Часа через два он вышел опять на улицу. Ранец, теперь пустой, был так легок, что прыгал на лопатках. Надо было как-нибудь провести время до часа обычных возвращений. Он побрел в Таврический сад, и пустота в ранце постепенно стала его раздражать. Во-первых, то, что он из предосторожности оставил у тети, могло как-нибудь пропасть до следующего раза; во-вторых, оно бы пригодилось ему дома по вечерам. Он решил, что впредь будет поступать иначе.
«Семейные обстоятельства», — ответил он на следующий день воспитателю, который мимоходом понаведался, почему он не был в школе. В четверг он ушел из школы раньше и пропустил подряд три дня, после чего объяснил, что болело горло. В среду был рецидив. В субботу он опоздал на первый урок, хотя выехал из дома раньше обыкновенного. В воскресенье он поразил мать сообщением, что приглашен к товарищу, и отсутствовал часов пять. В среду распустили раньше (это был один из тех чудесных дней, голубых, пыльных, в самом конце апреля, когда уже роспуск так близок, и такая одолевает лень), но вернулся-то он домой гораздо позже обычного. А потом была уже целая неделя отсутствия, — упоительная, одуряющая неделя. Воспитатель позвонил к нему на дом, узнать, что с ним. К телефону подошел отец.

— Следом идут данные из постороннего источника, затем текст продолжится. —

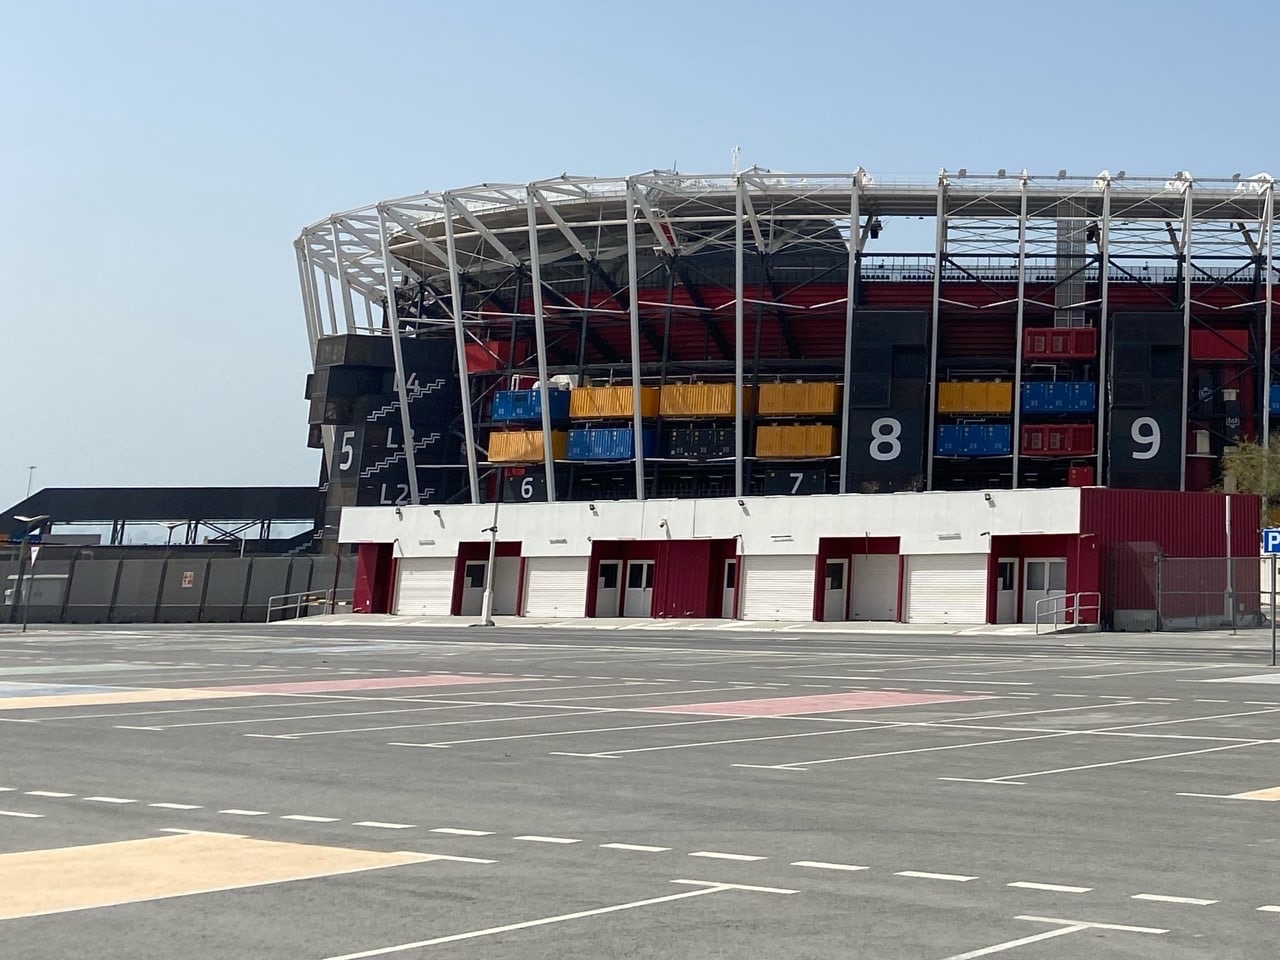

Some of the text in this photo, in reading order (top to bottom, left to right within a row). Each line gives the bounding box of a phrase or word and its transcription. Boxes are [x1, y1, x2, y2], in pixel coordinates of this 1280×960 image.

[869, 417, 902, 461] 8
[1130, 416, 1161, 460] 9
[339, 430, 355, 471] 5
[380, 483, 413, 505] L2
[521, 477, 533, 499] 6
[789, 472, 804, 494] 7
[1267, 531, 1280, 552] P
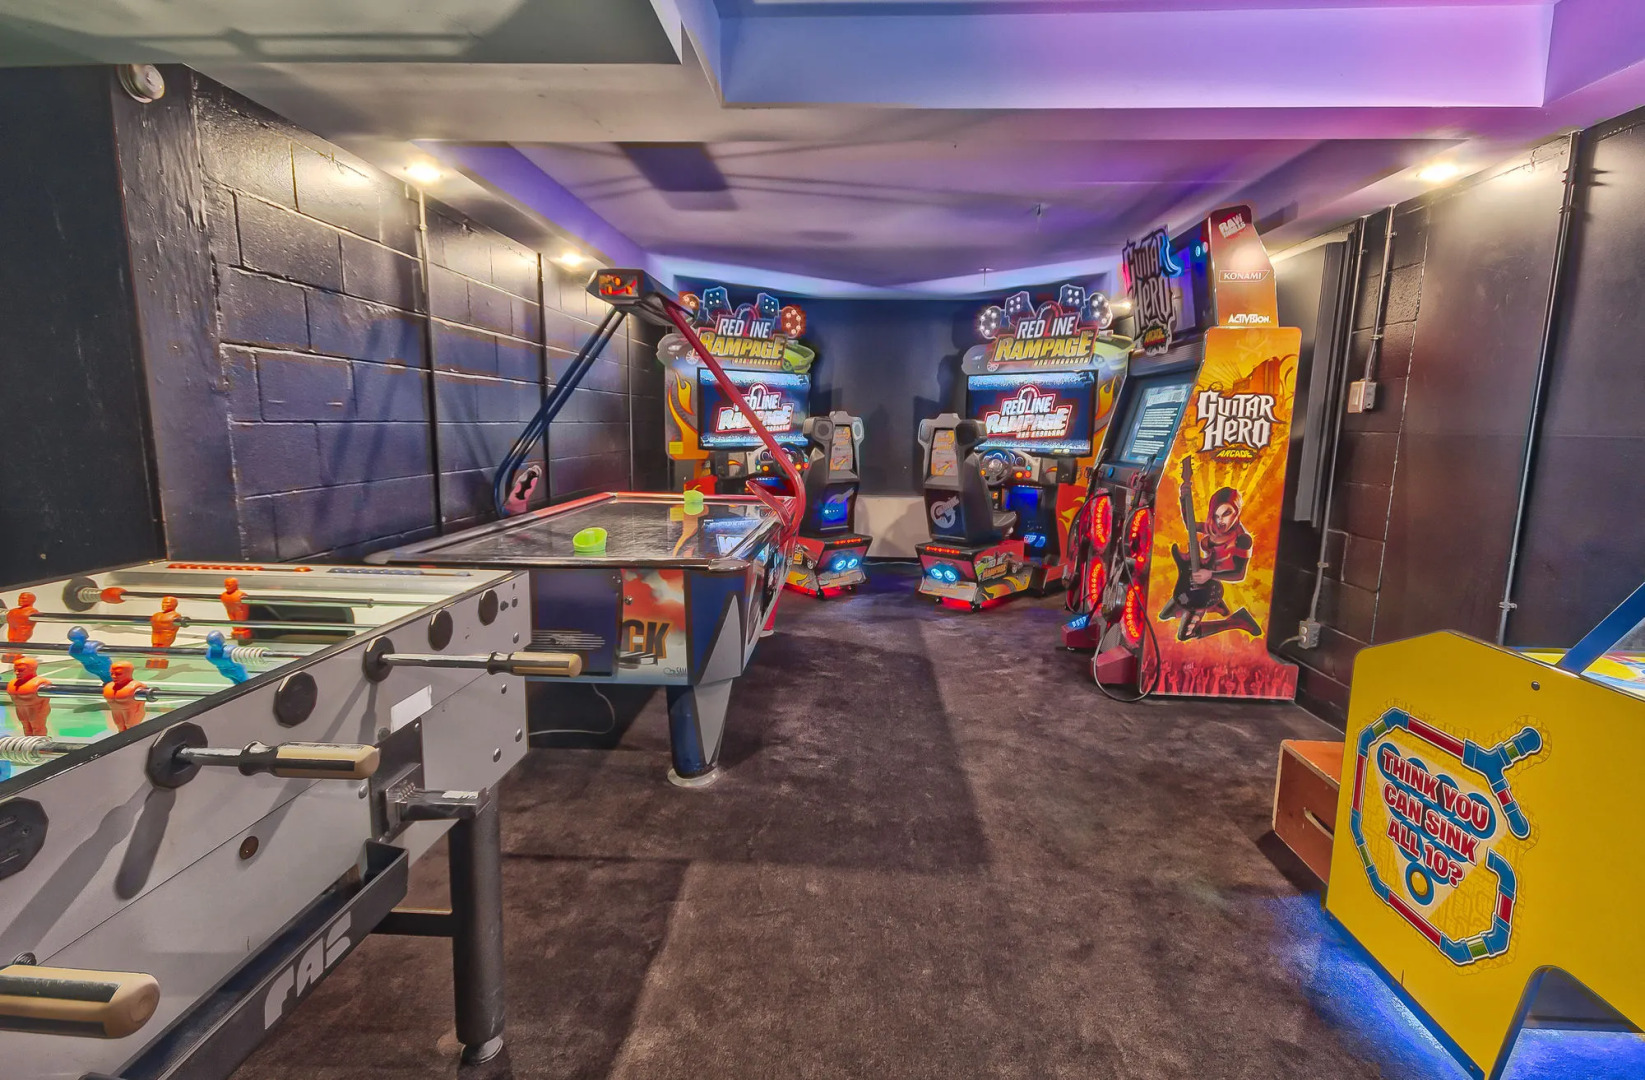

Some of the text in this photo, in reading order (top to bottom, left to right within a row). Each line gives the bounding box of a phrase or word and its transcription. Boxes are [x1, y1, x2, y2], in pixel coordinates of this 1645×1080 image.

Когда Лужин около четырех вернулся домой, у отца было лицо серое, глаза выпученные, а мать точно лишилась языка, задыхалась, а потом стала странно хохотать, с завыванием, с криками. После минуты замешательства, отец молча повел его в кабинет и, сложив руки на груди, попросил объяснить. Лужин, с тяжелым, драгоценным ранцем под мышкой, уставился в пол, соображая, способна ли тетя на предательство. «Изволь мне объяснить», — повторил отец. На предательство она не может быть способна, да и откуда ей узнать, что он попался. «Отказываешься?» — спросил отец. Кроме того, ей как будто даже нравилось, что он пропускает школу. «Ну, послушай, — сказал отец примирительно, — давай говорить, как друзья». Лужин со вздохом сел на ручку кресла, продолжая глядеть в пол. «Как друзья, — еще примирительнее повторил отец. — Вот, значит, оказывается, что ты несколько раз пропускал школу. И вот, мне хотелось бы знать, где ты был, что делал. Я даже понимаю, что, например, прекрасная погода и тянет гулять». «Да, тянет», — равнодушно сказал Лужин, которому становилось скучно. Отец захотел узнать, где он гулял, и, давно ли у него такая потребность гулять. Затем он упомянул о том, что у каждого человека есть долг, долг гражданина, семьянина, солдата, а также школьника. Лужин зевнул. «Иди к себе», — безнадежно сказал отец и, когда тот вышел, долго стоял посреди кабинета и с тупым ужасом смотрел на дверь. Жена, слушавшая из соседней комнаты, вошла, села на край оттоманки и опять разрыдалась. «Он обманывает, — повторяла она, — как и ты обманываешь. Я окружена обманом». Он только пожал плечами и подумал о том, как грустно жить, как трудно исполнять долг, не встречаться, не звонить, не ходить туда, куда тянет неудержимо… а тут еще с сыном… эти странности… это упрямство… Грусть, грусть, да и только.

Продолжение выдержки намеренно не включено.